Figure 7.

Shuttling P=S ODNs are able to exert their antisense activity. P=S ODN 12182–Texas Red (60 µM) (antisense) or 10366–XRITC (control) and 70 kDa dextran–Cascade Blue (dex-C) were injected into one nucleus of binucleate Ref52 cells. Two hours later the same cells received a second injection into the other nucleus with a vector encoding a tagged form of the tropomyosin TM-1 target gene of 12182–Texas Red together with 70 kDa dextran–fluorescein (dex-F). Cells were fixed 3 h after this second injection and labeled for expression of TM-1 with an antibody against the protein tag and secondary antibodies coupled to Cy5. The antisense P=S ODN abolished TM-1 target gene expression (A).
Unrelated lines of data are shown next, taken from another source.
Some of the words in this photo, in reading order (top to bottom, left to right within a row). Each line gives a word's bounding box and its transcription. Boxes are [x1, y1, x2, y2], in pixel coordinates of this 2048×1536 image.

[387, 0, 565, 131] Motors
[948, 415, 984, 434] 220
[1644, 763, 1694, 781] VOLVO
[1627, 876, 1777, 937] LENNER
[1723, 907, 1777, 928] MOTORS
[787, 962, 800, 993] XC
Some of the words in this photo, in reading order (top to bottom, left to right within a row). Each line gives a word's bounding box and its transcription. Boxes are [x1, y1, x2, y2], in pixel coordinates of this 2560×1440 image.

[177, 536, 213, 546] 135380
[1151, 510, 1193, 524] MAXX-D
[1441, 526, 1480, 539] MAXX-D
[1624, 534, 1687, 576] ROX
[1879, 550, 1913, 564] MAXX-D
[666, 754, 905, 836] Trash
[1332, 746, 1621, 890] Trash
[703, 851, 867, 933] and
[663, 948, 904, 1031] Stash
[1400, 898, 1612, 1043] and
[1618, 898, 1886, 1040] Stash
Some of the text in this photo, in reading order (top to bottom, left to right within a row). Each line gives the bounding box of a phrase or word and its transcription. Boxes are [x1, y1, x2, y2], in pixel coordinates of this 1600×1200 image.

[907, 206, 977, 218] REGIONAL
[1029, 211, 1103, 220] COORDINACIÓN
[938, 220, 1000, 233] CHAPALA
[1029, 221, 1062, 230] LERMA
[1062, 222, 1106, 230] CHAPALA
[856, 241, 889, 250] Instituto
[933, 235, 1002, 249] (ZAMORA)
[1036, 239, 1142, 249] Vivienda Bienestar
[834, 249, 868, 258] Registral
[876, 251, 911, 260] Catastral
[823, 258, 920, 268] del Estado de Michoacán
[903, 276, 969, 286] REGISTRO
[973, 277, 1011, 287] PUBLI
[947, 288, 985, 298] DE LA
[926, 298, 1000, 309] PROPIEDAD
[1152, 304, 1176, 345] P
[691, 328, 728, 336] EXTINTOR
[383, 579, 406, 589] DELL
Hybridization was only possible if the P=S ODN moved out of the injected nucleus to contact its target RNA in the cytoplasm or the second nucleus. The control P=S ODN did not interfere with TM-1 expression (E). The fluorescent images for target gene expression TM-1 (A and E), dextran–Cascade Blue (B and F), the P=S ODNs 12182–Texas Red (C) or 10366–XRITC (G) and dextran–fluorescein (D and H) are shown. Bar 10 µm.